**Data records:**
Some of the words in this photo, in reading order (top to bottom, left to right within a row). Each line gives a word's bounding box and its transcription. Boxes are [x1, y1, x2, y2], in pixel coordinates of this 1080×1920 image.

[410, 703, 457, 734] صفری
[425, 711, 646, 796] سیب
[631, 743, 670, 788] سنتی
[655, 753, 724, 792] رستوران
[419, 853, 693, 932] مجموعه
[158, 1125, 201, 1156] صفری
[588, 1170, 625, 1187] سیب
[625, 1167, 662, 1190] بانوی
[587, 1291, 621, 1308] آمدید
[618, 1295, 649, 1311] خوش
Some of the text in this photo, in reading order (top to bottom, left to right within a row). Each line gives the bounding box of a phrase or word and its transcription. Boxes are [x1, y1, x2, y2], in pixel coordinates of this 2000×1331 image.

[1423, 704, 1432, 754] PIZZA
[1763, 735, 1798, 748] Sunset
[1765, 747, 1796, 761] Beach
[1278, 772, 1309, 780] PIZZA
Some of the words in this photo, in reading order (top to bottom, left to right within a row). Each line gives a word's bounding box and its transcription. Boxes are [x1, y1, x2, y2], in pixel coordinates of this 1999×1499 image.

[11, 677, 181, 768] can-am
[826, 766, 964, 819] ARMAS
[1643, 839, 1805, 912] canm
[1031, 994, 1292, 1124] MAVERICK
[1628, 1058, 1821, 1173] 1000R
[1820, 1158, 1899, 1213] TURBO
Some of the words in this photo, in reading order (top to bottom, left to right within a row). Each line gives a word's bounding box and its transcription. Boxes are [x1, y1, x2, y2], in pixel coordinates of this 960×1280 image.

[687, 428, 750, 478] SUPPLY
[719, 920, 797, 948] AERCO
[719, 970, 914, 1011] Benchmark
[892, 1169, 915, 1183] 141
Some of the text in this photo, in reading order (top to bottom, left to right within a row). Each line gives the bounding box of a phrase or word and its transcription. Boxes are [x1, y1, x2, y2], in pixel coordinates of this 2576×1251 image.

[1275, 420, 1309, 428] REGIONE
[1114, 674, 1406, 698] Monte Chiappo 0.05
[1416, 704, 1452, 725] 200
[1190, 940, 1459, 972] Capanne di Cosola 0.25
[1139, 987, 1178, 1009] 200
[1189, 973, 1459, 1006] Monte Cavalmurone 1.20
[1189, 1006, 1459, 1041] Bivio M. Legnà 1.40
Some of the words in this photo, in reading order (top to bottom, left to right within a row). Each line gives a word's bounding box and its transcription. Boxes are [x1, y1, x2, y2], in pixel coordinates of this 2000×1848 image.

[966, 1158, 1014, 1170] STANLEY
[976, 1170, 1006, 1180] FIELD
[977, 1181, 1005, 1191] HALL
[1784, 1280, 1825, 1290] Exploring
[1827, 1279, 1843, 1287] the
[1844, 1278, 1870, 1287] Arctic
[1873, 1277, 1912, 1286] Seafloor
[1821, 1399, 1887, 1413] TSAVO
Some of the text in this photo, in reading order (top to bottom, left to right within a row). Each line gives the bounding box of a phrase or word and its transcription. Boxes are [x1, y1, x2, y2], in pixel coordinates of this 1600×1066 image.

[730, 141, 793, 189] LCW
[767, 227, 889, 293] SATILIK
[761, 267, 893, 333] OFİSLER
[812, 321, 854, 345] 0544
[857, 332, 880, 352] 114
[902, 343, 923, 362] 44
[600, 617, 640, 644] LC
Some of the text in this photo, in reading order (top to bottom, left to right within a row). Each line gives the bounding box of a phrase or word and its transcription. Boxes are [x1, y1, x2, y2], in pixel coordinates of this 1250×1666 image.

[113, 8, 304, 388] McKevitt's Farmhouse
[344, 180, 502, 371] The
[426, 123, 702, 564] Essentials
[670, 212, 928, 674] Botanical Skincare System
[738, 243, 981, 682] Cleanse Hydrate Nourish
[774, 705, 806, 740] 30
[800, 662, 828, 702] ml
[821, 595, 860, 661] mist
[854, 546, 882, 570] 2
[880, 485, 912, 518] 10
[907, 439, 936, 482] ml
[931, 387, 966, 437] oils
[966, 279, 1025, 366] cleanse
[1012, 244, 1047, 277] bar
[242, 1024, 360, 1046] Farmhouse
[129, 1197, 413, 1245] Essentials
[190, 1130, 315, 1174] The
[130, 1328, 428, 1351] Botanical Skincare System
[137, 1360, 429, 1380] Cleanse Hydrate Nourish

**What you have to do:** Please output each entry above exactly, leaving nothing out.

**Finished task:**
Some of the words in this photo, in reading order (top to bottom, left to right within a row). Each line gives a word's bounding box and its transcription. Boxes are [x1, y1, x2, y2], in pixel coordinates of this 1080×1920 image.

[410, 703, 457, 734] صفری
[425, 711, 646, 796] سیب
[631, 743, 670, 788] سنتی
[655, 753, 724, 792] رستوران
[419, 853, 693, 932] مجموعه
[158, 1125, 201, 1156] صفری
[588, 1170, 625, 1187] سیب
[625, 1167, 662, 1190] بانوی
[587, 1291, 621, 1308] آمدید
[618, 1295, 649, 1311] خوش
Some of the text in this photo, in reading order (top to bottom, left to right within a row). Each line gives the bounding box of a phrase or word and its transcription. Boxes are [x1, y1, x2, y2], in pixel coordinates of this 2000×1331 image.

[1423, 704, 1432, 754] PIZZA
[1763, 735, 1798, 748] Sunset
[1765, 747, 1796, 761] Beach
[1278, 772, 1309, 780] PIZZA
Some of the words in this photo, in reading order (top to bottom, left to right within a row). Each line gives a word's bounding box and its transcription. Boxes are [x1, y1, x2, y2], in pixel coordinates of this 1999×1499 image.

[11, 677, 181, 768] can-am
[826, 766, 964, 819] ARMAS
[1643, 839, 1805, 912] canm
[1031, 994, 1292, 1124] MAVERICK
[1628, 1058, 1821, 1173] 1000R
[1820, 1158, 1899, 1213] TURBO
Some of the words in this photo, in reading order (top to bottom, left to right within a row). Each line gives a word's bounding box and its transcription. Boxes are [x1, y1, x2, y2], in pixel coordinates of this 960×1280 image.

[687, 428, 750, 478] SUPPLY
[719, 920, 797, 948] AERCO
[719, 970, 914, 1011] Benchmark
[892, 1169, 915, 1183] 141
Some of the text in this photo, in reading order (top to bottom, left to right within a row). Each line gives the bounding box of a phrase or word and its transcription. Boxes are [x1, y1, x2, y2], in pixel coordinates of this 2576×1251 image.

[1275, 420, 1309, 428] REGIONE
[1114, 674, 1406, 698] Monte Chiappo 0.05
[1416, 704, 1452, 725] 200
[1190, 940, 1459, 972] Capanne di Cosola 0.25
[1139, 987, 1178, 1009] 200
[1189, 973, 1459, 1006] Monte Cavalmurone 1.20
[1189, 1006, 1459, 1041] Bivio M. Legnà 1.40
Some of the words in this photo, in reading order (top to bottom, left to right within a row). Each line gives a word's bounding box and its transcription. Boxes are [x1, y1, x2, y2], in pixel coordinates of this 2000×1848 image.

[966, 1158, 1014, 1170] STANLEY
[976, 1170, 1006, 1180] FIELD
[977, 1181, 1005, 1191] HALL
[1784, 1280, 1825, 1290] Exploring
[1827, 1279, 1843, 1287] the
[1844, 1278, 1870, 1287] Arctic
[1873, 1277, 1912, 1286] Seafloor
[1821, 1399, 1887, 1413] TSAVO
Some of the text in this photo, in reading order (top to bottom, left to right within a row). Each line gives the bounding box of a phrase or word and its transcription. Boxes are [x1, y1, x2, y2], in pixel coordinates of this 1600×1066 image.

[730, 141, 793, 189] LCW
[767, 227, 889, 293] SATILIK
[761, 267, 893, 333] OFİSLER
[812, 321, 854, 345] 0544
[857, 332, 880, 352] 114
[902, 343, 923, 362] 44
[600, 617, 640, 644] LC
Some of the text in this photo, in reading order (top to bottom, left to right within a row). Each line gives the bounding box of a phrase or word and its transcription. Boxes are [x1, y1, x2, y2], in pixel coordinates of this 1250×1666 image.

[113, 8, 304, 388] McKevitt's Farmhouse
[344, 180, 502, 371] The
[426, 123, 702, 564] Essentials
[670, 212, 928, 674] Botanical Skincare System
[738, 243, 981, 682] Cleanse Hydrate Nourish
[774, 705, 806, 740] 30
[800, 662, 828, 702] ml
[821, 595, 860, 661] mist
[854, 546, 882, 570] 2
[880, 485, 912, 518] 10
[907, 439, 936, 482] ml
[931, 387, 966, 437] oils
[966, 279, 1025, 366] cleanse
[1012, 244, 1047, 277] bar
[242, 1024, 360, 1046] Farmhouse
[129, 1197, 413, 1245] Essentials
[190, 1130, 315, 1174] The
[130, 1328, 428, 1351] Botanical Skincare System
[137, 1360, 429, 1380] Cleanse Hydrate Nourish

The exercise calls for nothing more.